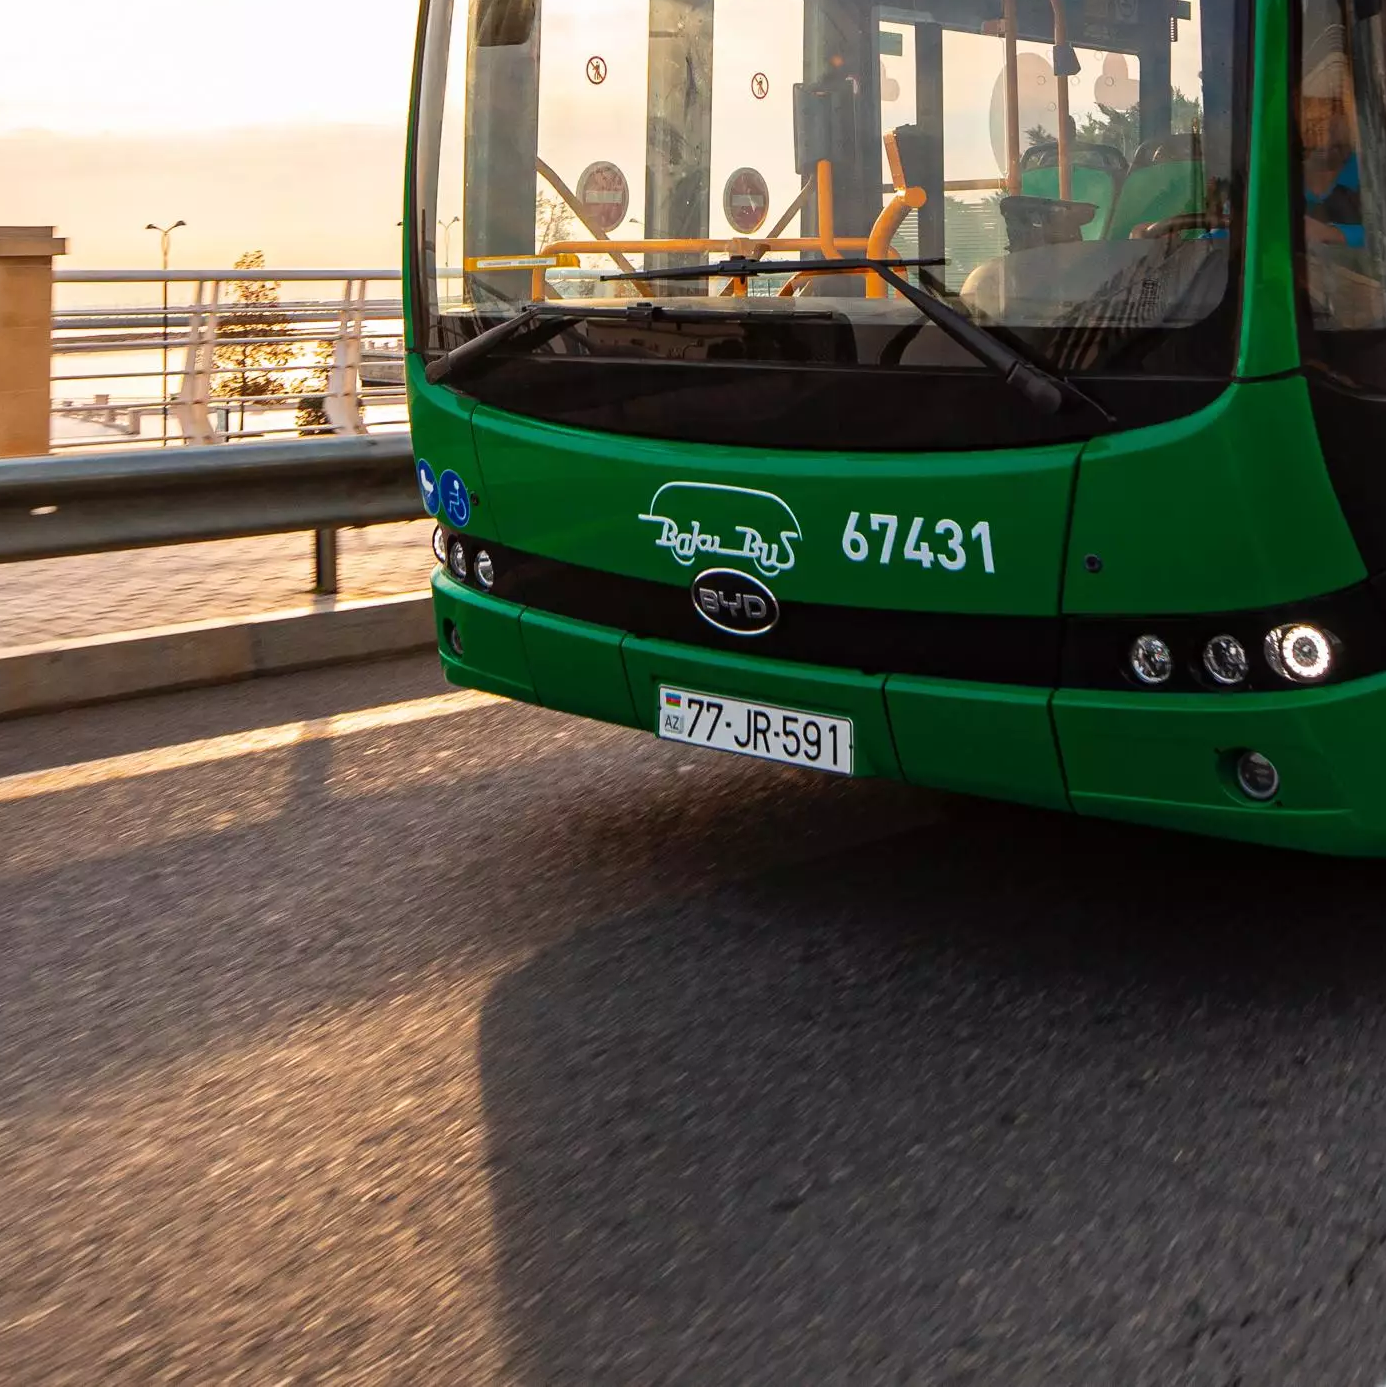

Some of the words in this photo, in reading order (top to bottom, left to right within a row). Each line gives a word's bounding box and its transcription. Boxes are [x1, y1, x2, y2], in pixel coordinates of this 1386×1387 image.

[638, 513, 721, 557] Baku
[842, 511, 995, 574] 67431
[699, 587, 767, 619] BYD
[664, 714, 680, 730] AZ
[687, 697, 838, 766] 77-JR-591
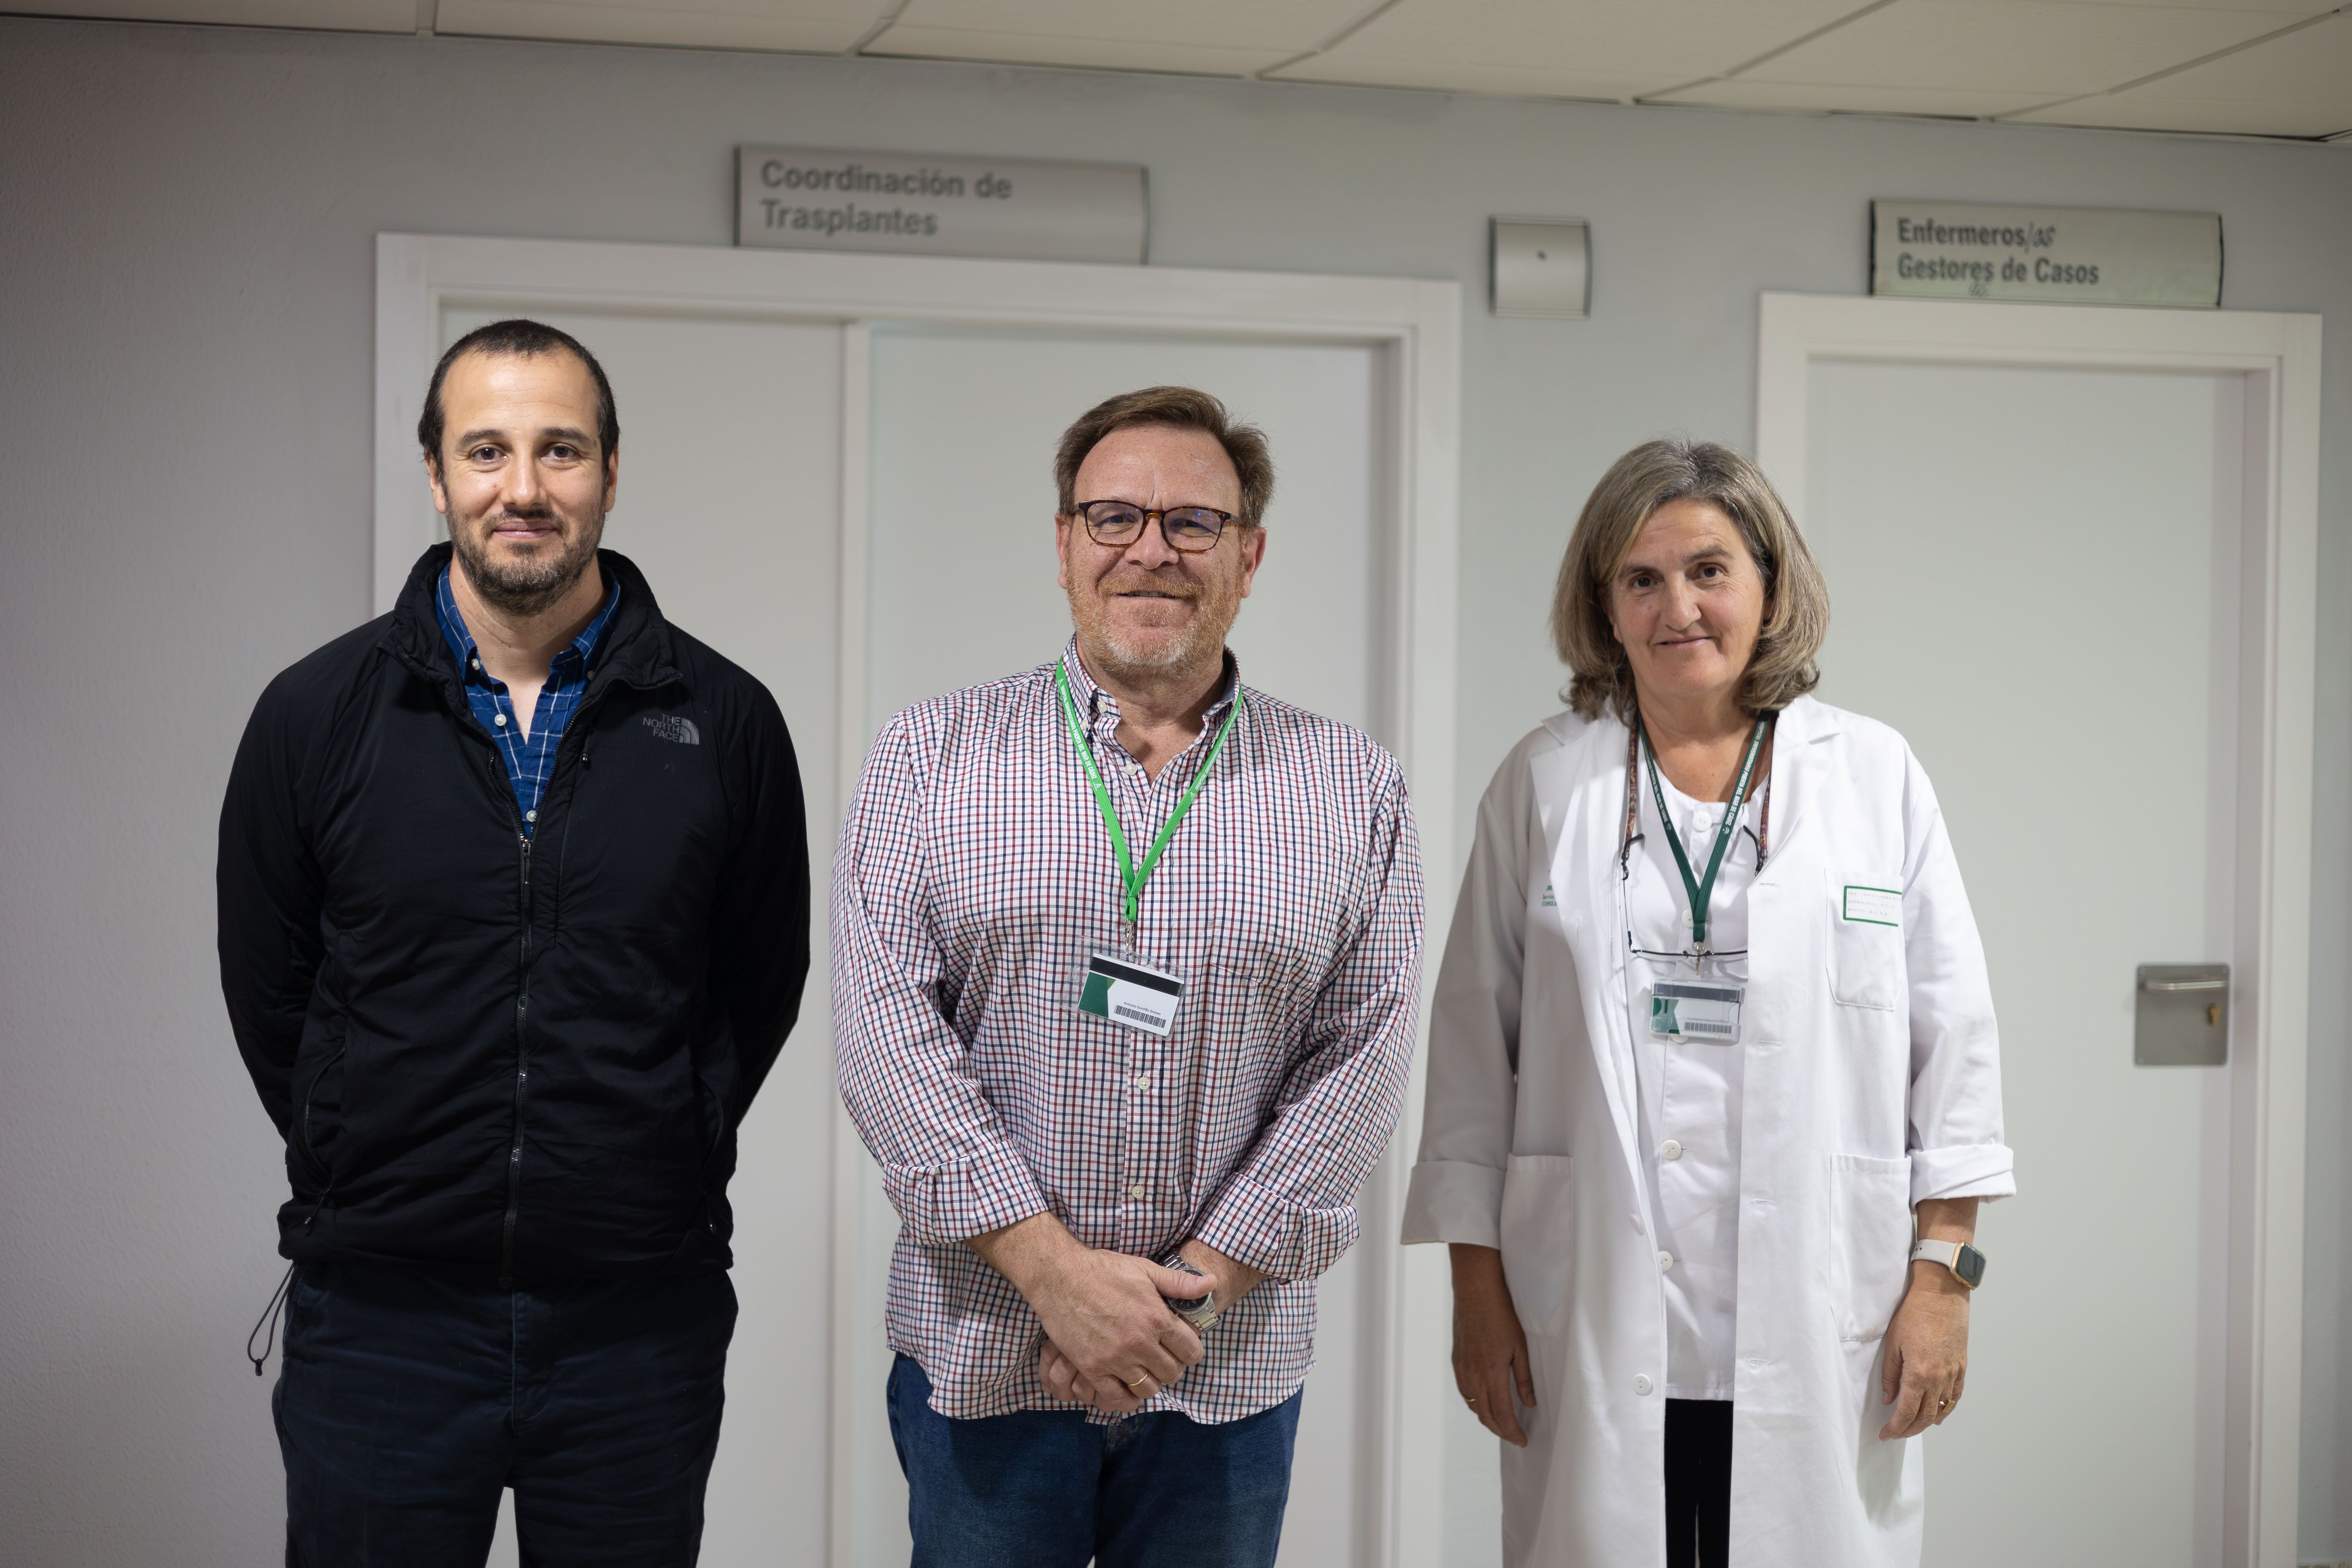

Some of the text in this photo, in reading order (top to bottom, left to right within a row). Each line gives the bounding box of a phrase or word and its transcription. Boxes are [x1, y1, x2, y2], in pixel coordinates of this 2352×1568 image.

[760, 159, 1014, 200] Coordinación de
[760, 199, 939, 237] Trasplantes
[1897, 251, 2100, 285] Gestores de Casos
[643, 717, 680, 734] NORTH
[661, 713, 681, 726] THE
[653, 728, 679, 743] FACE
[1065, 701, 1076, 730] UNIVERSITARIO
[1073, 729, 1081, 746] PUERTA
[1081, 750, 1089, 761] MAR
[1088, 766, 1097, 780] CÁDIZ
[1195, 772, 1207, 790] HOSPITAL
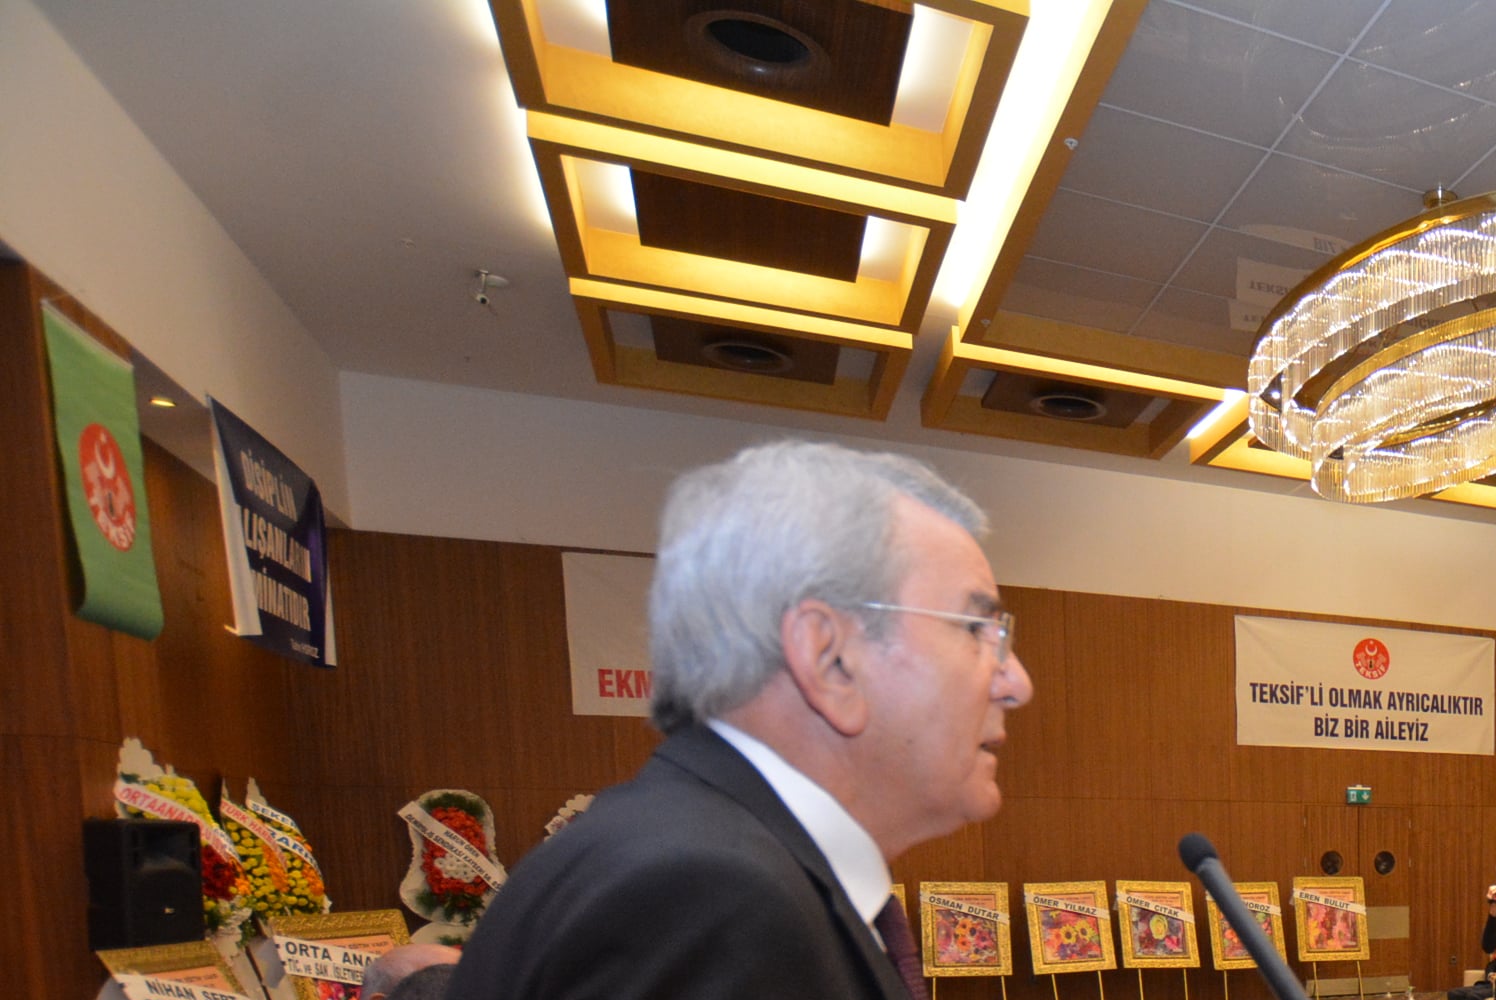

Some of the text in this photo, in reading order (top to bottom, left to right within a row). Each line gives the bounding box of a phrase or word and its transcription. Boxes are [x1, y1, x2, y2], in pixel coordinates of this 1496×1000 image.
##########
WORK ITEM: Could the entries above be printed again exactly, apart from the pictures?

WORKED SOLUTION:
Some of the words in this photo, in reading order (top to bottom, left to right within a row). Each line gives a word's bounding box and its transcription. Boxes are [x1, y1, x2, y2], in pixel coordinates of this 1386×1387 image.

[638, 513, 721, 557] Baku
[842, 511, 995, 574] 67431
[699, 587, 767, 619] BYD
[664, 714, 680, 730] AZ
[687, 697, 838, 766] 77-JR-591

Some of the text in this photo, in reading order (top to bottom, left to right within a row). Each line gives the bounding box of a phrase or word and its transcription. Boxes are [x1, y1, x2, y2], in pixel coordinates of this 2352×1568 image.

[760, 159, 1014, 200] Coordinación de
[760, 199, 939, 237] Trasplantes
[1897, 251, 2100, 285] Gestores de Casos
[643, 717, 680, 734] NORTH
[661, 713, 681, 726] THE
[653, 728, 679, 743] FACE
[1065, 701, 1076, 730] UNIVERSITARIO
[1073, 729, 1081, 746] PUERTA
[1081, 750, 1089, 761] MAR
[1088, 766, 1097, 780] CÁDIZ
[1195, 772, 1207, 790] HOSPITAL

Some of the text in this photo, in reading order (top to bottom, left to right within a row). Each line gives the bounding box of a phrase or word and its transcription. Boxes are [x1, y1, x2, y2], in pixel coordinates of this 1496×1000 image.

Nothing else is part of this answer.